▶ PROBLEM DETAILS
Restate all of the entries exactly, dropping any pictures they hold.

▶ EXERCISE MATERIALS
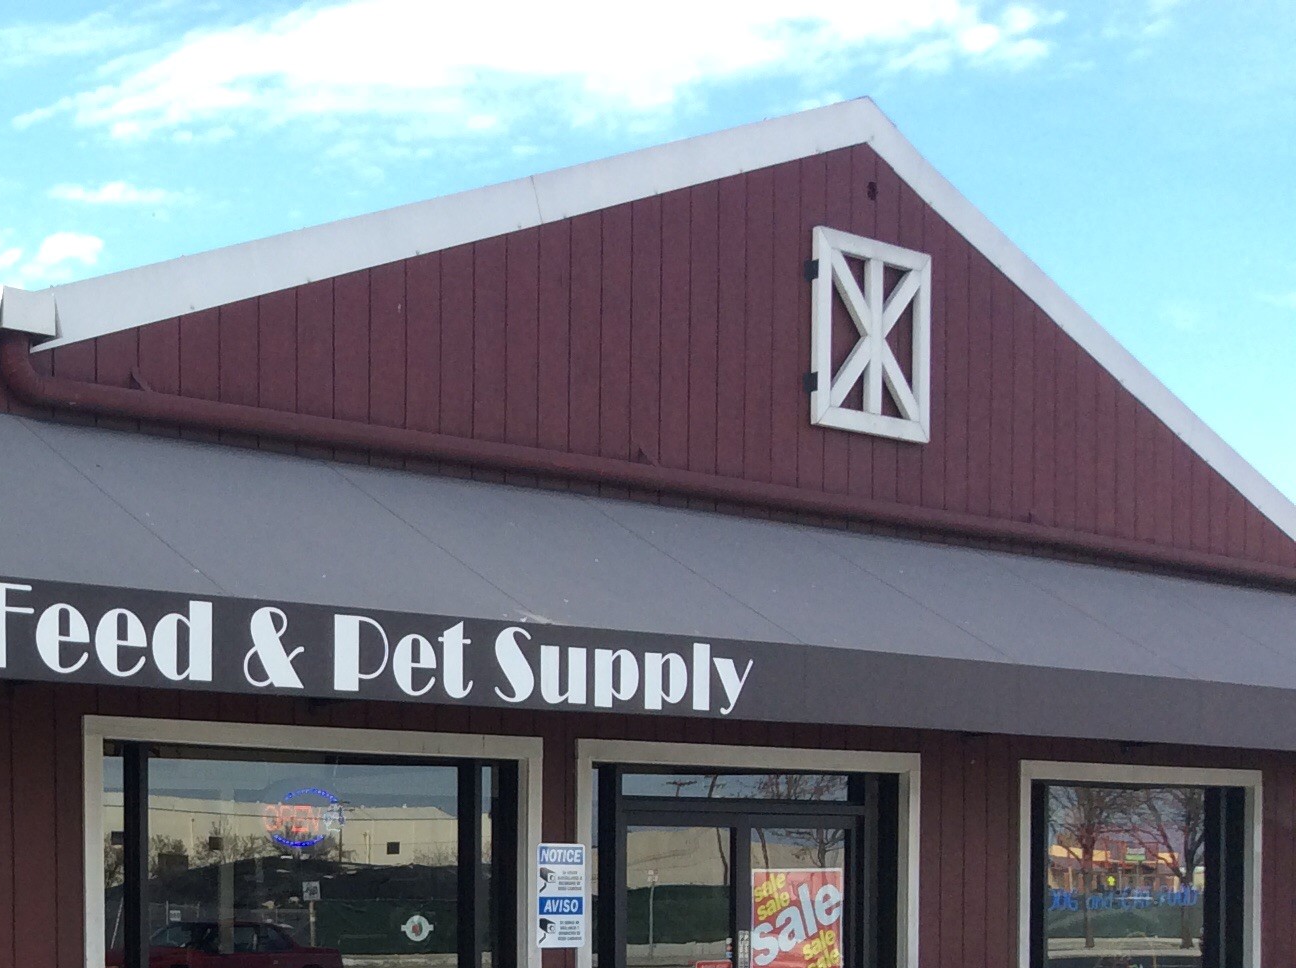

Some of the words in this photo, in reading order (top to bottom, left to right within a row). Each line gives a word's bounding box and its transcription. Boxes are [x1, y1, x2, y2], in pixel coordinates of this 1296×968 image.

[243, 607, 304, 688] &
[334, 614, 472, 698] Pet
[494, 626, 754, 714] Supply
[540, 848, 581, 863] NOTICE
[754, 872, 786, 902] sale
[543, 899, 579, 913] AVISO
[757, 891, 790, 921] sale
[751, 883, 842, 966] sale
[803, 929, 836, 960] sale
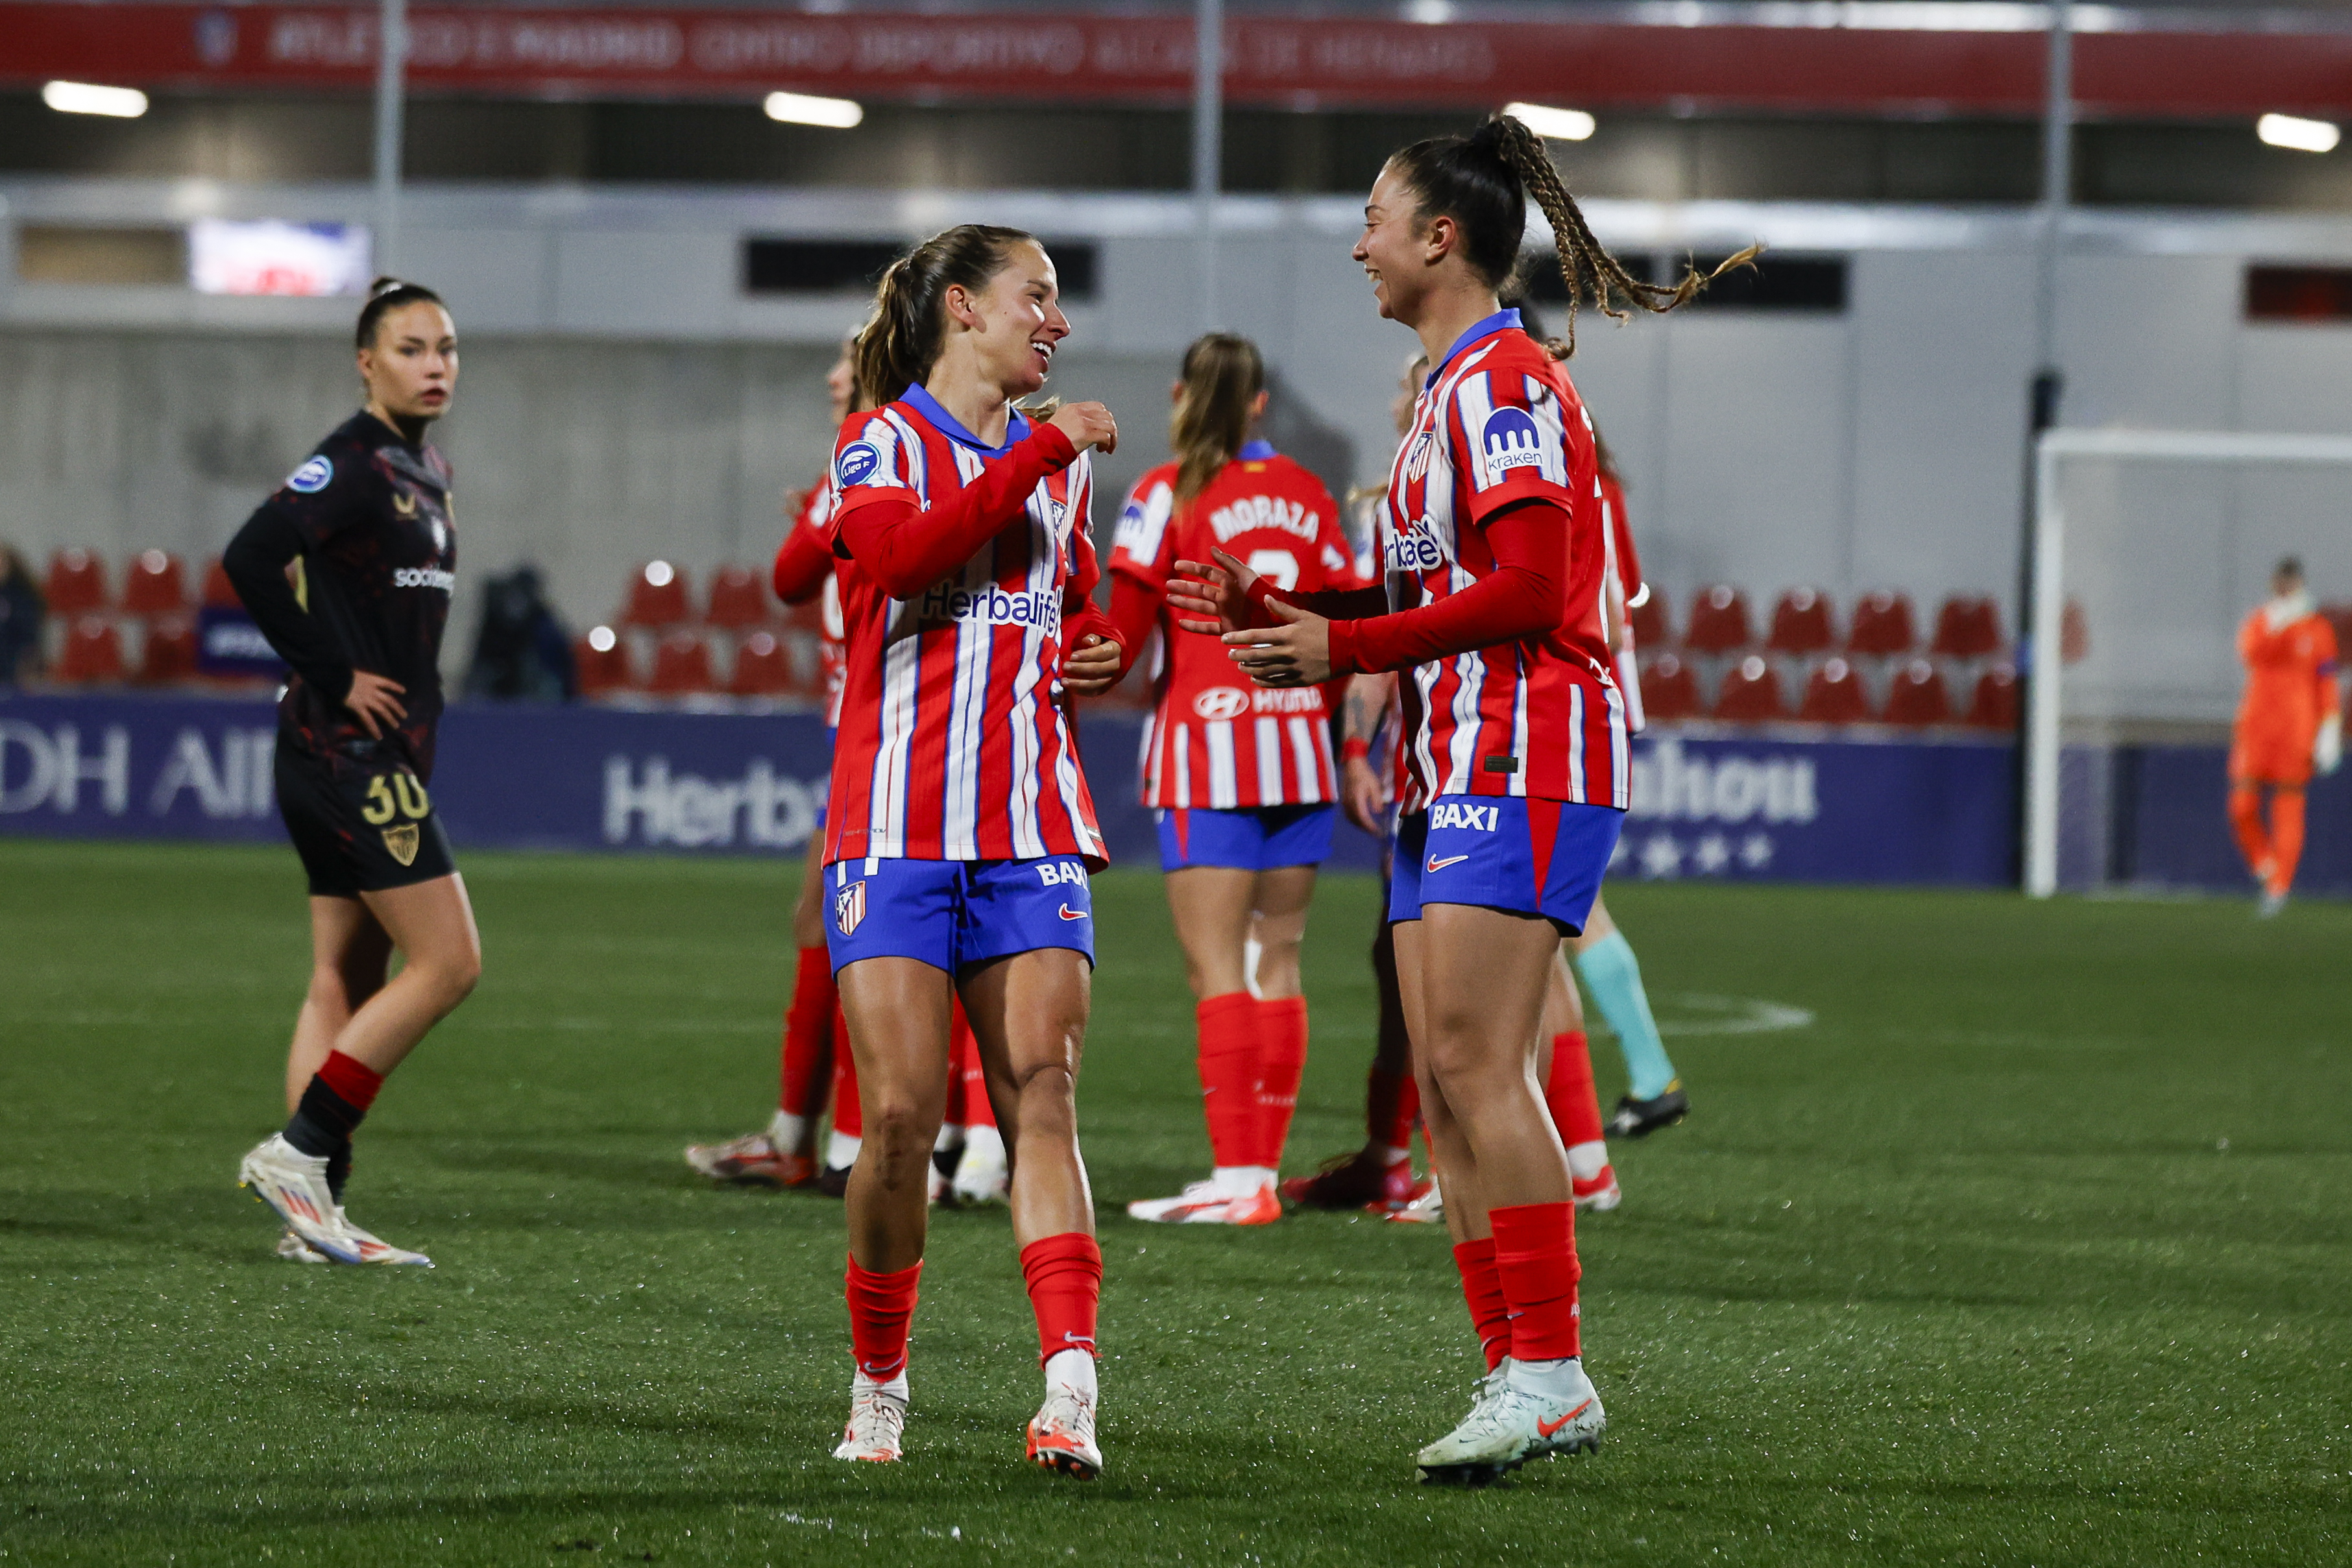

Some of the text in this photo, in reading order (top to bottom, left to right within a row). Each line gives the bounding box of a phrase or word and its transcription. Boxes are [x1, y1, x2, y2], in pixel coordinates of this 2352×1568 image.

▶ EXERCISE RESULT
Some of the words in this photo, in reading order (top to bottom, left to right within a row). Each line gives a word's bounding box and its transcription. Boxes are [x1, y1, x2, y2], in pixel coordinates of this 1296×968 image.

[243, 607, 304, 688] &
[334, 614, 472, 698] Pet
[494, 626, 754, 714] Supply
[540, 848, 581, 863] NOTICE
[754, 872, 786, 902] sale
[543, 899, 579, 913] AVISO
[757, 891, 790, 921] sale
[751, 883, 842, 966] sale
[803, 929, 836, 960] sale

Some of the text in this photo, in reading order (top to bottom, left to right within a row). Each line gives the bounding box of a phrase or word and its transcription. Boxes are [x1, y1, x2, y2], in pixel coordinates of this 2352×1568 image.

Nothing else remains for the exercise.